The walls of the isolation booth were closing in on her and she felt her heart beating faster.
Oh, my god, I've got it, or it's got me.
Her hand closed convulsively on the kit—then she forced herself to release it. Her hand was shaking.

Idiot.

She of all people should recognize the psychosomatic expression of physical symptoms. She wasn't salivating. Her mouth, if anything, was dry as a bone.
Though if I obsess about it long enough, I'm sure I could express most of the symptoms the sergeant listed for me.

Her tension was relieved when the sergeant, himself, came back from the trauma theater. He'd stowed his gas mask in its belt case and his chemical oversuit was zipped open to the waist.

He opened her side of the isolation booth and picked up the antidote kit. "All clear, at least as far as we're concerned."

"Not nerve gas?"

"No traces on our equipment. They found an implant—some kind of vagus nerve stimulator—it's going haywire, apparently. There was a scar and they palpated a hard lump," he tapped his upper chest, just below his collarbone, "so they took a chest x-ray. The device and a wire going up his neck showed up on the film. They're pretty sure that's the problem."

Millie blinked. She'd seen the scar on Padgett, but considering the man's history, she'd thought it a war wound, from his days with Executive Outcomes. "Why would he have something like that?"

"The trauma surgeon said it's a treatment for some kinds of epilepsy and there's also some experiments with it in treating depression. But he says there's nothing in the literature about one doing this. If it's the FDA-approved implant, from Cyberonics, it should've failed completely rather than give the over-voltages that caused these symptoms."

"What do you think?"

He shrugged. "Don't know. My boss likes it. Captain Trinh is an MD—a toxicologist. He says vagal stimulation would account for the symptoms the patient did express
and
the symptoms he didn't." He tucked the antidote kit back in one of his pouches. "So, we're standing down—the Secret Service was very relieved." He rolled his neck around. "We were ninety percent sure when we got here, actually, but we went through the whole nine yards, though, because of the hallucinations."

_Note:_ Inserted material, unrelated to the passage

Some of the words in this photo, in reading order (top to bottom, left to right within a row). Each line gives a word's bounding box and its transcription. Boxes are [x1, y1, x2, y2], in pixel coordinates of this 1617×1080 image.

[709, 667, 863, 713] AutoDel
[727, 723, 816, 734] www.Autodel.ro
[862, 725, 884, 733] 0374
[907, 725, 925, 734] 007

"Hallucinations? Padgett was seeing things?"

"No. The patient has never been conscious. Some of the staff seemed to be seeing things, though, so we thought there was some kind of nerve agent involved and enough
on
him to contaminate the first responders. They said you disappeared, then reappeared with the patient." He smiled. "Might be working too hard. Either that or admin needs to inventory the drug cabinets."

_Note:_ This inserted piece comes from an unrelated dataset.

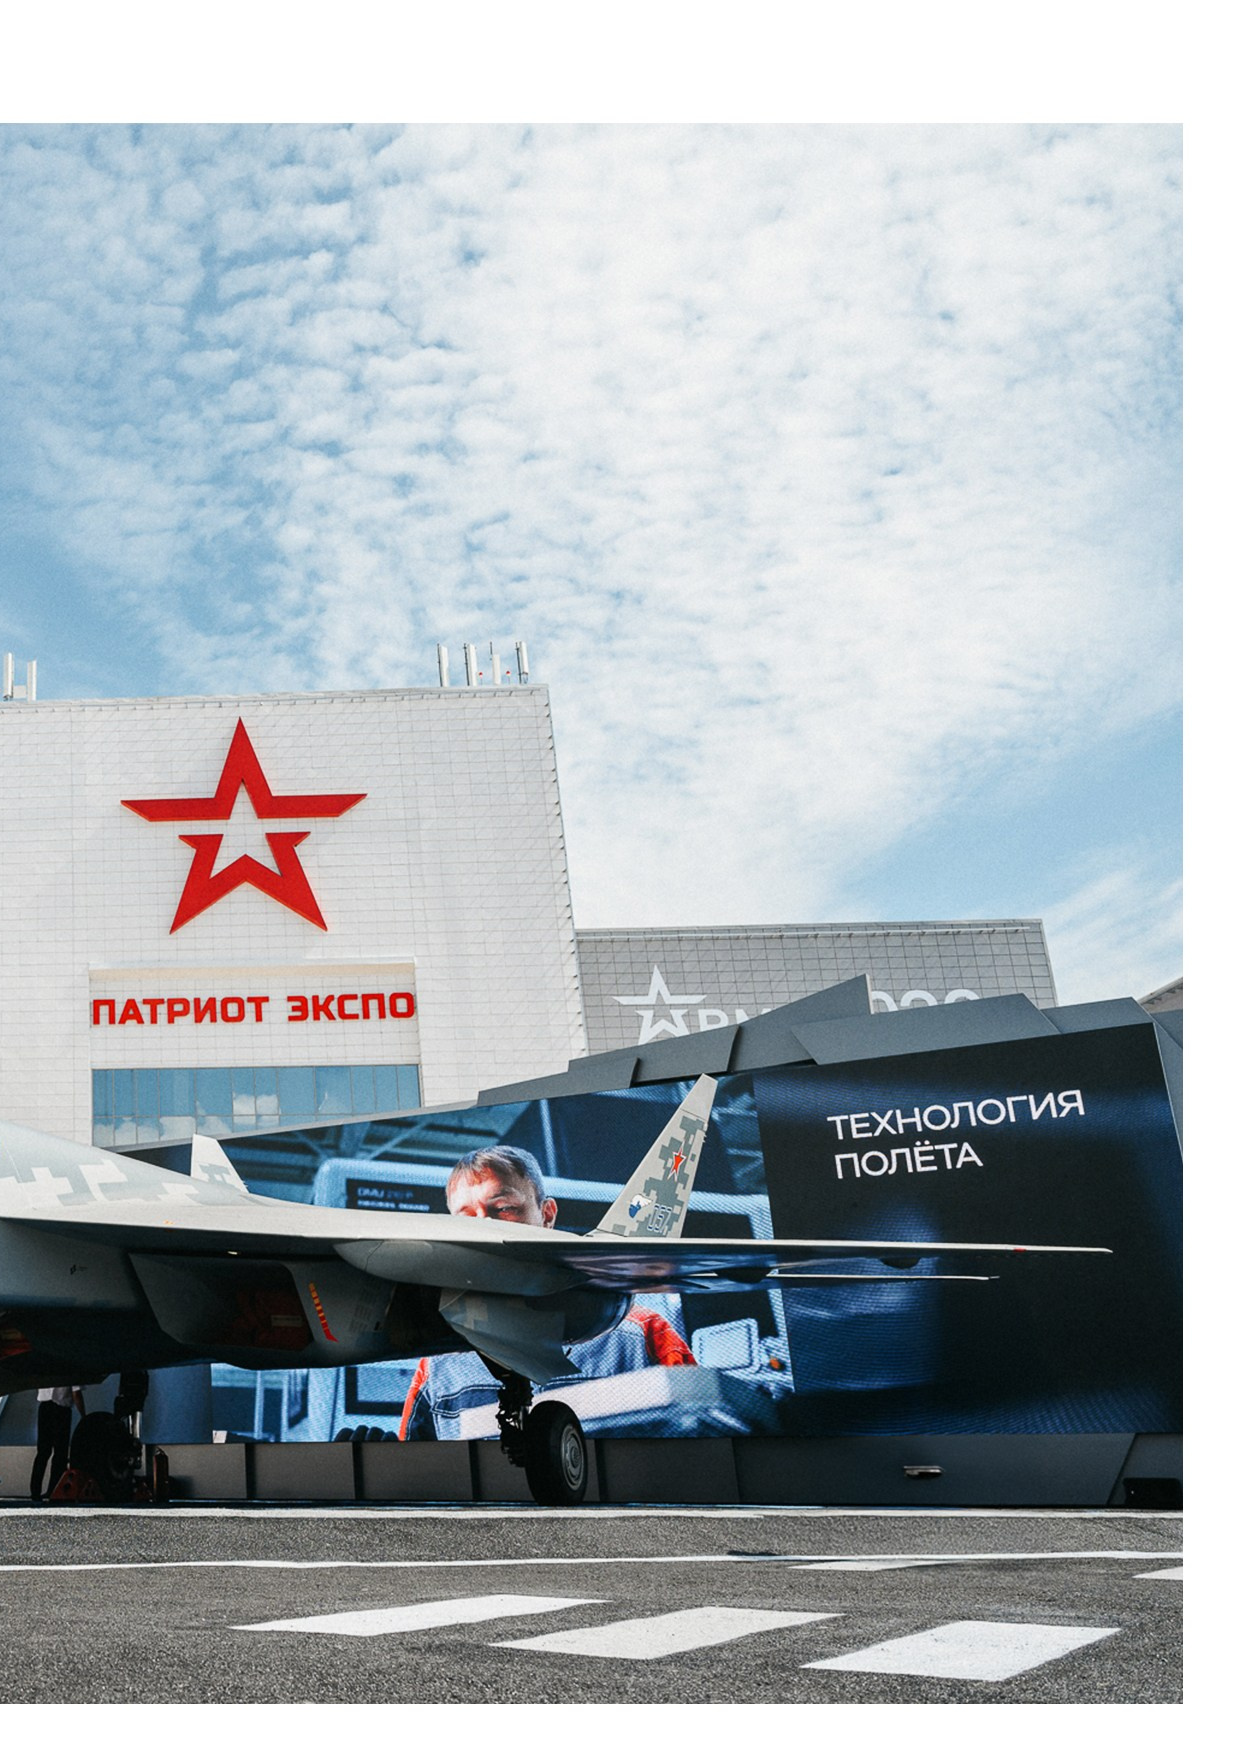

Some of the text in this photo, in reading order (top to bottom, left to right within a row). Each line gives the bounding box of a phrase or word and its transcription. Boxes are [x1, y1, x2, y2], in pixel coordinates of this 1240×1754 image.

[92, 992, 416, 1025] ПАТРИОТ ЭКСПО
[827, 1089, 1086, 1140] ТЕХНОЛОГИЯ
[834, 1140, 984, 1180] ПОЛЁТА
[646, 1203, 673, 1233] 057

Millie smiled weakly. "So I can leave this booth?"

"As far as
I'm
concerned. The captain and the attending seem pretty sure it's not biological, either. But the FBI might want to talk with you. Wonder why they're here?"

"Didn't they tell you?"

"Maybe they told the captain. I'm just a working man."

"Padgett—the patient—was involved in the attempted kidnapping of two women here in D.C., last week. The FBI were watching and when they moved in, he shot an agent to escape."

"Get outta here!"

"No, really."

"I didn't read anything about that. How did you hear about it?"

"I was one of those women," she said. "What are they going to do for Padgett?"

"Pull the implant, I believe. They were prepping him and waiting for a neurosurgeon to come over from the next building."

"And if he's epileptic?"

"Doesn't matter. The thing will kill him if it keeps firing like it is. Better seizures than dead. He survives, he can get a new implant that works right."

Maybe it
is
working right.
Millie shuddered. "Well, thanks for proving it
wasn't
nerve gas."

Sergeant Ferguson nodded and, as he turned away, he said, "I wouldn't have it any other way. I get nightmares as it is."